MBTA Hopes Bridj Can Solve Its Late-Night Problem

Is a private vendor the answer?

Less than a year after the MBTA killed late-night subway and bus service, the cash-strapped transit agency could reach out to those left stranded by the decision with the help of a private vendor.

The T’s fiscal management and control board will hear a proposal from Bridj, a Boston-based, private transit company, which already uses data to chart efficient routes and shuttle passengers around town in its fleet of passengers vans with “nice, big leather seats [and] WiFi.”

“We would simply have service areas that are targeted based off movement patters of Bostonians and folks from surrounding cities who need to move in the late night,” CEO Matthew George told the State House News Service. “It allows us to serve more people in a way that’s a lot more flexible than putting up a fixed route at a fixed time.”

Per the proposal, the T would pay Bridj $85 per vehicle per hour—35 percent less than the cost of putting an MBTA bus on the road. With 10 vehicles running five hours each night, every night, this would amount to $1.55 million price tag.

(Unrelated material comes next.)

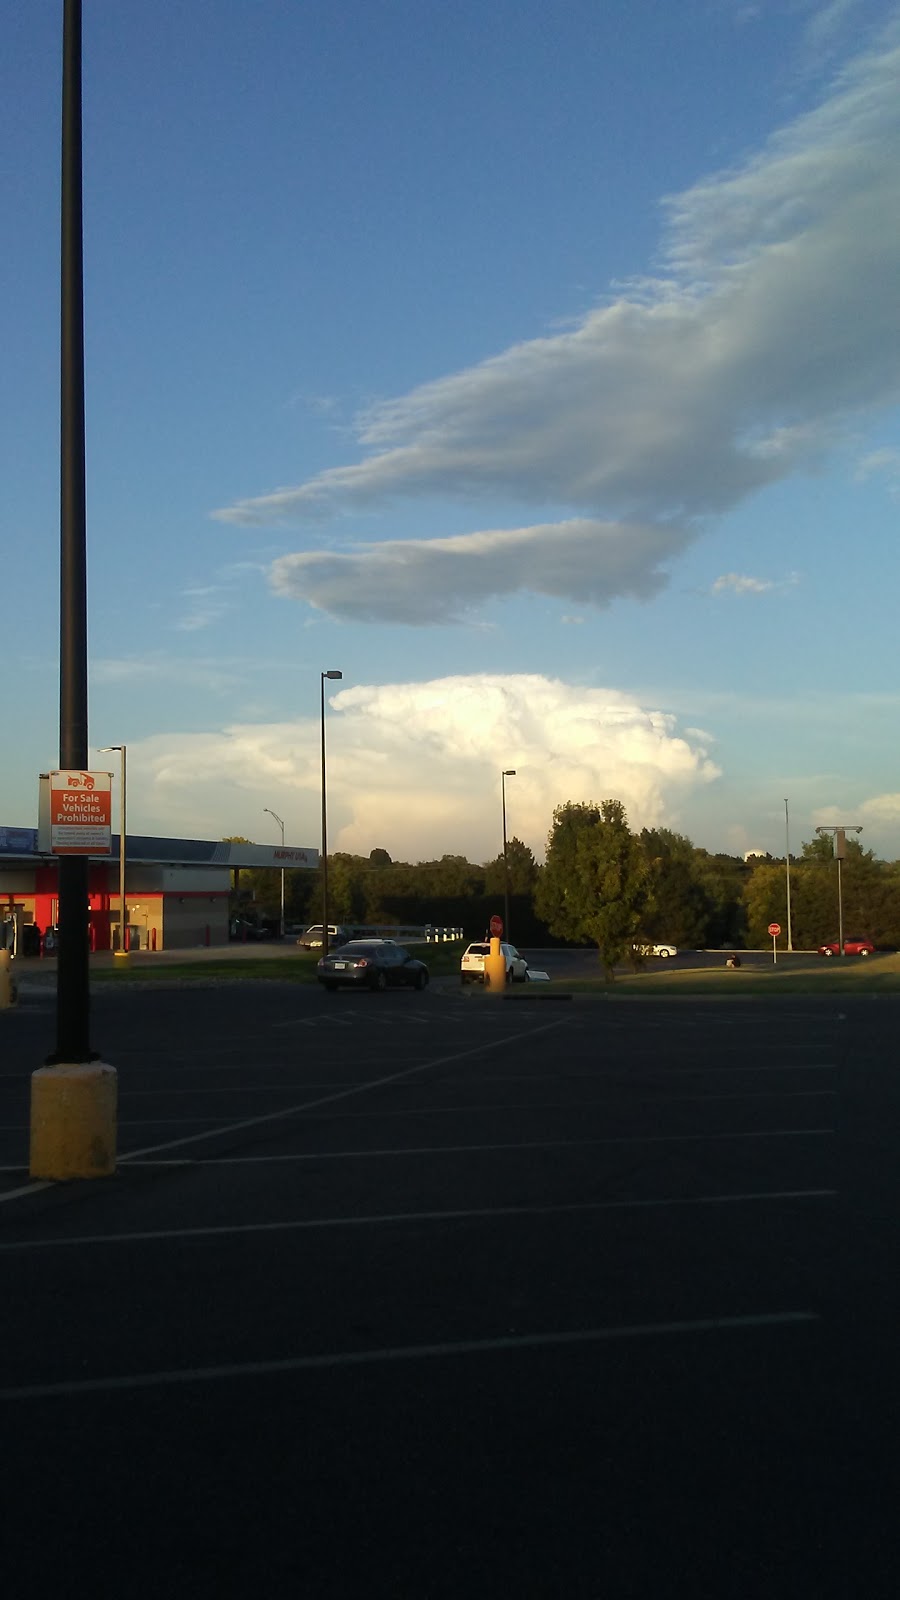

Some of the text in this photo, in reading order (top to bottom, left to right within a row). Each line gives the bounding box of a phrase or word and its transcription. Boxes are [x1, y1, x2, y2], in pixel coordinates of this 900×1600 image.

[63, 794, 99, 803] For Sale
[63, 804, 101, 813] Vehicles
[57, 814, 106, 823] Prohibited

Some of this would be recouped in fares.

“The MBTA would set the fares, customers would register with the Bridj app directly, and then the MBTA would pay Bridj on a per vehicle per hour basis,” MBTA acting general manager Brian Shortsleeve told SHNS. “The T would recoup whatever fare revenue came through the system and Bridj would be paid per hour.”

Almost immediately after the T ceased late-night service in February, Bridj was at the forefront of the conversation over what might come next. Advocates from TransitMatters, meanwhile, have proposed the NightBus, a network of buses runing every 75 minutes on eight routes from 1-5 a.m.—price tag: an estimated $3.5 million.